Garza pointed out that a budget based on the effective rate would not only not incorporate social service needs, it wouldn't acknowledge the city's structural "cost drivers" – inflationary or contractual – and would leave social services (and many other discretionary needs) fighting over funding. In any case, city budget staff routinely provides the effective rate numbers for Council, as a matter of course. The demand for an "effective-rate budget" is essentially political, in order for conservatives to portray any additional spending as "a tax increase." Though the draft has five sponsors, there was enough hesitation in the room to suggest that sixth vote won't be an easy domino.
Elsewhere on the agenda:
• If Not That, This: As if smelling trouble on the "affordability" agenda, Mayor Adler returns his economic incentive reforms in another version (Item 34).
• Defying Trump: The immigration crisis persists, and Council is likely to formally denounce the Trump regime's executive order banning immigrants from seven Muslim-majority countries, and condemning discrimination (Item 35).
• Let's Get PUDdy: Both the Plaza Saltillo zoning case (Items 62, 63, and 64) and the Austin Oaks planned unit development (Item 76) return today for further deliberation, along with a pitch from the mayor (and others, Item 40) to drop some Housing Trust Fund money into the Plaza Saltillo affordable housing mix.
• Zoning to Go: Including those two marathon items, there are a couple of dozen zoning cases on the list – more than likely, several will be postponed.
With 79 Items in all, there will be plenty to do beyond these highlights. The musical honoree is "Vocalista" Courtney Santana; it's Women's Veterans Month and Social Work Month, and Amplify Austin ("I Live Here, I Give Here") Day.
The proposed "Austin Affordability Action Plan" (sponsored by CM Ellen Troxclair) would direct city staff to prepare a timeline, budget, and ordinances to implement a series of policies aimed at reducing the local cost of living, incentivizing employment, cutting taxes, and improving transportation – not entirely consistent goals. Here's a summary of the proposal, available in full in the Council meeting backup, Item 32.

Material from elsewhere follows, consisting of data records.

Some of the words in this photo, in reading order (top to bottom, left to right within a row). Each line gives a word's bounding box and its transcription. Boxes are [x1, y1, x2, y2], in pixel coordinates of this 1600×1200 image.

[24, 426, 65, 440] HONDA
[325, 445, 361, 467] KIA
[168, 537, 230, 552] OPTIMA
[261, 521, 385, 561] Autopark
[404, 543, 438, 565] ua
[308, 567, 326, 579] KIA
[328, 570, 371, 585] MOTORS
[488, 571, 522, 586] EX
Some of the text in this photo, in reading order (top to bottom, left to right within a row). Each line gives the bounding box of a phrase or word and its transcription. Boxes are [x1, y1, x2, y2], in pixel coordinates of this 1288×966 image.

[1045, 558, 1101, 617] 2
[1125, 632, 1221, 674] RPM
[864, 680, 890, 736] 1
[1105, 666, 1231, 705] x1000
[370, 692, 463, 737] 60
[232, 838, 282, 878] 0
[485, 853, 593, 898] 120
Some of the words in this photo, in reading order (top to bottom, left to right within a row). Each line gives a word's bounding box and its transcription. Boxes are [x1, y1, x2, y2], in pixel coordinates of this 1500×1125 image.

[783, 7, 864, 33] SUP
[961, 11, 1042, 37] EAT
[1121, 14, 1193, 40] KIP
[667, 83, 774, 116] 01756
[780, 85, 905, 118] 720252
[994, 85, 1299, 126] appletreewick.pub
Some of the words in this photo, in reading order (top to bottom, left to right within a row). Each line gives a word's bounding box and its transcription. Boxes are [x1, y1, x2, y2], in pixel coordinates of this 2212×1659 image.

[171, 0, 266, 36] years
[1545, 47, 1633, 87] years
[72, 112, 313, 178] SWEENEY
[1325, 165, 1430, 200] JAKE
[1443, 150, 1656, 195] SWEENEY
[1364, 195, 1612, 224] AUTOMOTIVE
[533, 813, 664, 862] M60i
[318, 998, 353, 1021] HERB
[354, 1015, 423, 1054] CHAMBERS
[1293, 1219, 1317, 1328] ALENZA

Housing & Real Estate Affordability: Build 13,500 new housing units annually through 2025, including more affordable units; adopt supportive CodeNEXT by April 2018; streamline permitting review.
Diversify the Economy & Support Local Businesses: Add 10,000 "middle-skill" jobs by 2022; invest portion of city pension fund in local venture capital; revise economic incentive policies to emphasize equity issues and locally owned businesses.
Better Way of Budgeting: Conduct biennial full budget reviews of every city department; implement Strategic Plan; collaborate with other taxing jurisdictions to reduce costs.
Cost of Living & Doing Business in Austin: Present budget at "effective" property tax rate (same revenue as previous year, plus new construction); prioritize health and human services contracts; no increase in utility rates.
Affordable & Accessible Transportation: Improve transportation choices; implement 2016 Mobility Bond improvements; provide citywide accessible bus service.